The research successfully demonstrated that naphtha and kerosene—the primary components of gasoline and jet fuel—can be separated from light crude oil using pressure instead of heat, reducing emissions and energy consumption significantly compared to traditional, heat-based distillation methods.
Since 2014, the team of scientists has worked to identify advanced membranes to separate light shale crude oil using significantly less energy than used in typical refining processes. In the gasoline and jet fuel range, the membranes developed by the team are twice as effective as the most selective commercial membranes in use today.
“This membrane technology was developed by a diverse team of scientists and engineers using a ‘multi-scale’ approach that ranges from the molecular-scale to realistic membrane devices,” said Ryan Lively, the John H. Woody faculty fellow and associate professor in Georgia Tech’s School of Chemical & Biomolecular Engineering.
“It’s rare that chemists have the chance to participate in both inventing new molecules and applying them to solve real-world problems.

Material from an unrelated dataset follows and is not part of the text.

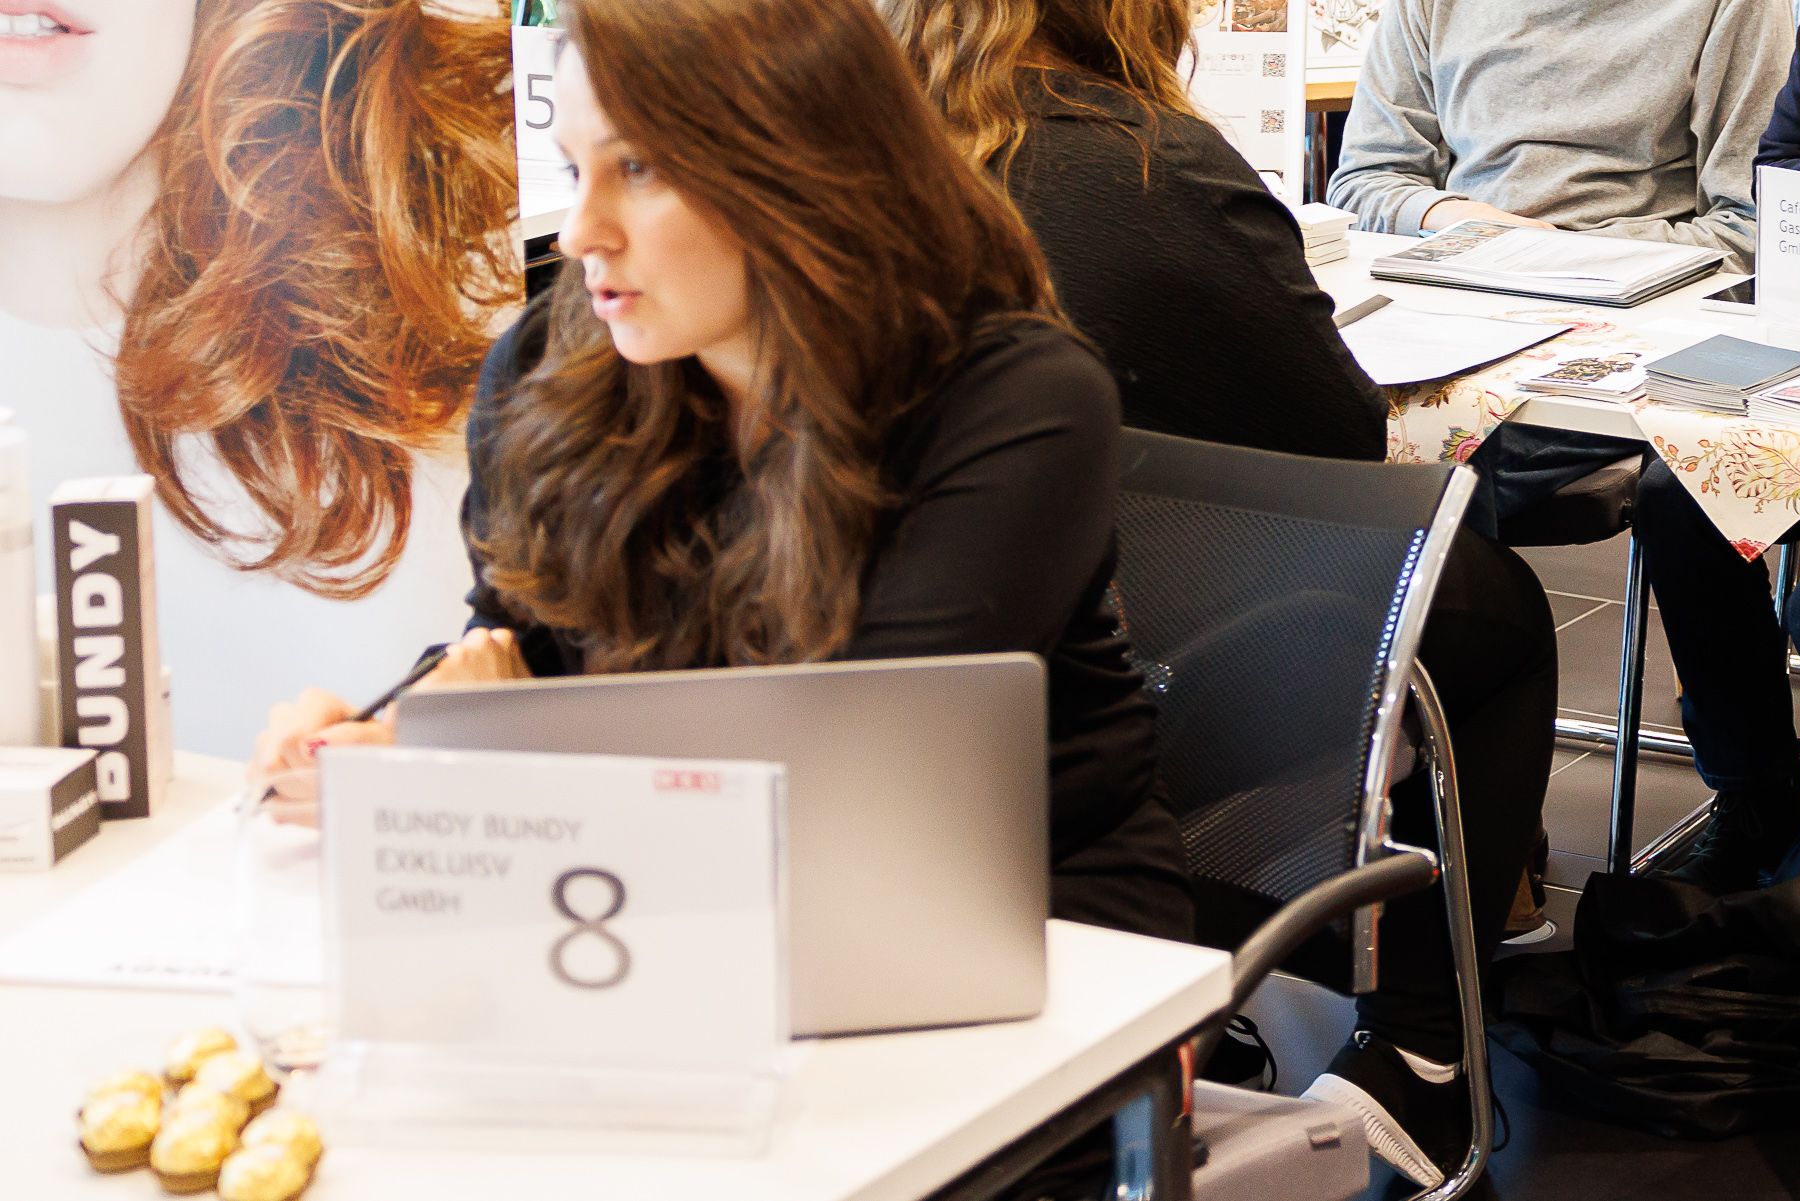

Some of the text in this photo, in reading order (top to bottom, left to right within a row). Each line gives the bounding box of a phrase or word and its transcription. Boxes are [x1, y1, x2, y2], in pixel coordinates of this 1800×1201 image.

[525, 74, 554, 130] 5
[374, 808, 583, 842] BUNDY BUNDY
[549, 865, 632, 991] 8

In this case, it really took a whole village of differing expertise to bring to fruition a new approach for separating the components of crude oil using much less energy than before,” said M.G. Finn, Chair of the School of Chemistry & Biochemistry at Georgia Tech and a joint lead of the study along with Lively.

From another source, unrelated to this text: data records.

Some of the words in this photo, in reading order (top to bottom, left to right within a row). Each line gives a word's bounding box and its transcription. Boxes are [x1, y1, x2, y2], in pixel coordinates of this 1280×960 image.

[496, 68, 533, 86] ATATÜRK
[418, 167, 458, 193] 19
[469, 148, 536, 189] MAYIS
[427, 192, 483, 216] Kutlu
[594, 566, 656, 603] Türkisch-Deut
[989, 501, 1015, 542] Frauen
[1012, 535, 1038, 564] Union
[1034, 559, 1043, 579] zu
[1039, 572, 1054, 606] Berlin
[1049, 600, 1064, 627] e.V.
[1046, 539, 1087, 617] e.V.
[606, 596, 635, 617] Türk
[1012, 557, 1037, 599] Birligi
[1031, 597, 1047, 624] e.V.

Additional research and development will be needed to progress this technology to industrial scale.
“We have the foundational experience of bringing organic solvent nanofiltration, a membrane technology becoming widely used in pharmaceuticals and chemicals industries, to market,” said Andrew Livingston, professor of chemical engineering at Imperial. “We worked extensively with ExxonMobil and Georgia Tech to demonstrate the potential scalability of this technology.”
Since 2000, ExxonMobil has invested approximately $10 billion in projects to research, develop and deploy lower-emission energy solutions. The company also continues to expand collaborative efforts with more than 80 universities, five energy centers and multiple private sector partners around the world to explore next-generation energy technologies.

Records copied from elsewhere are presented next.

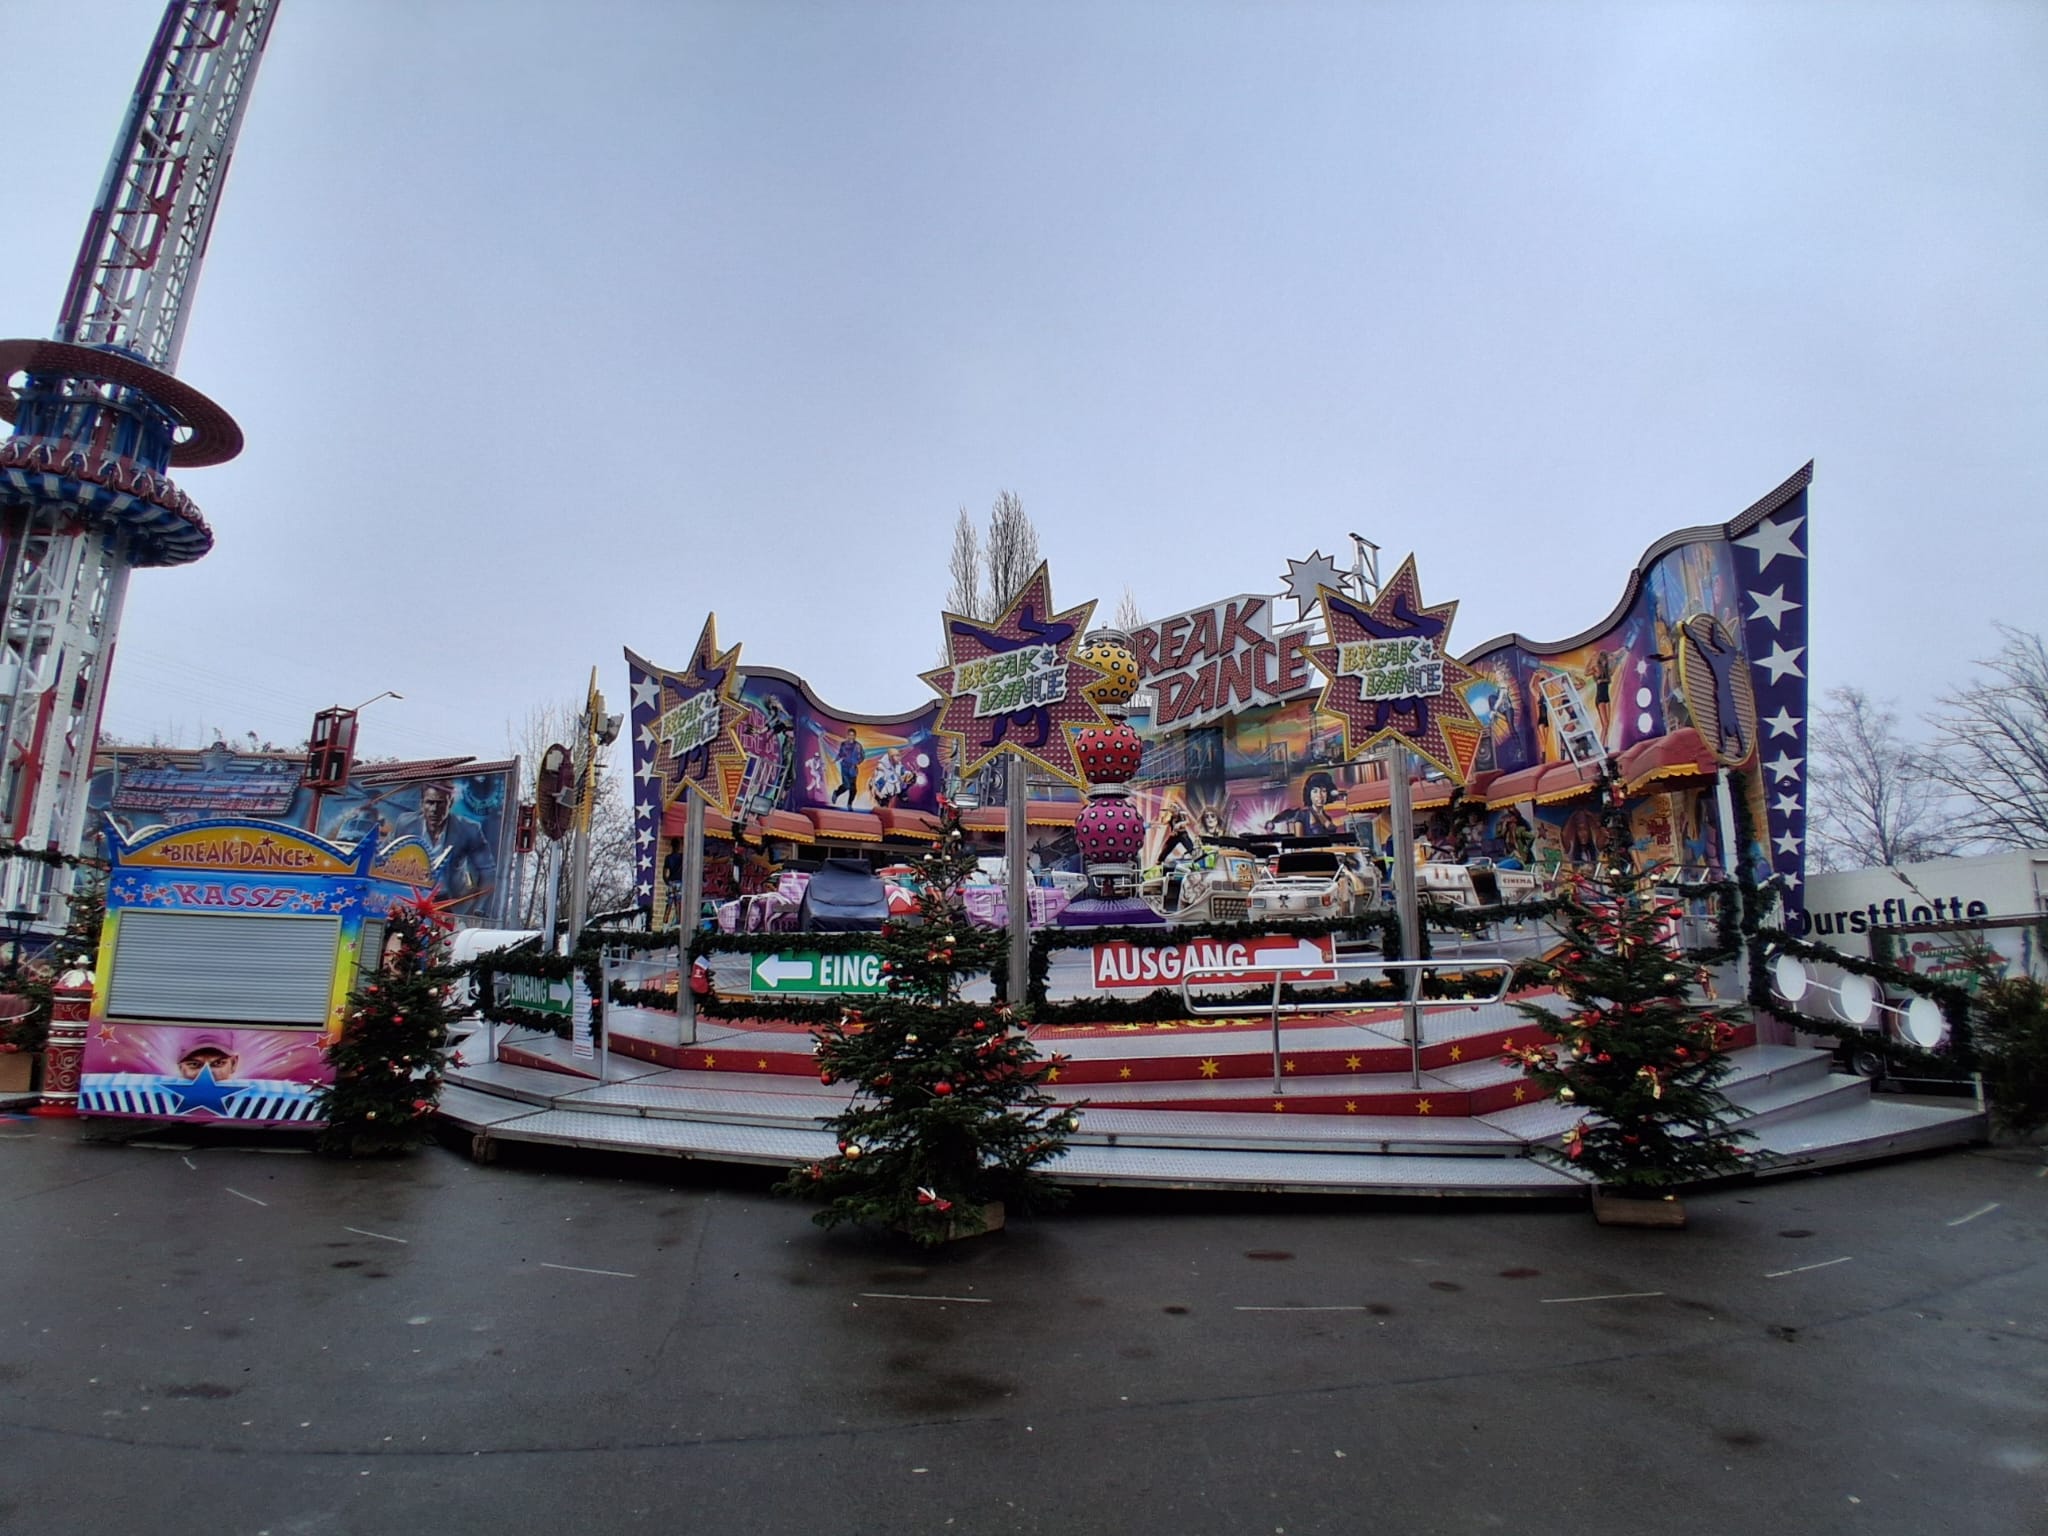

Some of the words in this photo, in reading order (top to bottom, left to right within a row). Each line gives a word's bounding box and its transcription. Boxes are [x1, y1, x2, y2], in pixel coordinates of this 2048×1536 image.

[1125, 597, 1266, 680] REAK
[1343, 640, 1420, 673] BREAK
[958, 648, 1041, 693] BREAK
[979, 667, 1065, 714] DANCE
[1146, 630, 1308, 726] DANCE
[1365, 662, 1443, 697] DANCE
[662, 693, 706, 740] BREAK
[672, 709, 718, 756] DANCE
[169, 840, 305, 867] BREAK-DANCE
[172, 883, 297, 909] KASSE
[1098, 943, 1249, 982] AUSGANG
[511, 975, 548, 1005] EINGANG

The researchers on the technology as written in Science include Neel Rangnekar, J.R. Johnson, Scott Hoy and Benjamin McCool from ExxonMobil; Kirstie Thompson, Ronita Mathias, Ryan Lively and M.G. Finn from Georgia Institute of Technology; Daeok Kim, Jihoon Kim, Irene Bechis, Andrew Tarzia and Kim Jelfs from Imperial College London; and Andrew Livingston, concurrently with Imperial and Queen Mary University of London.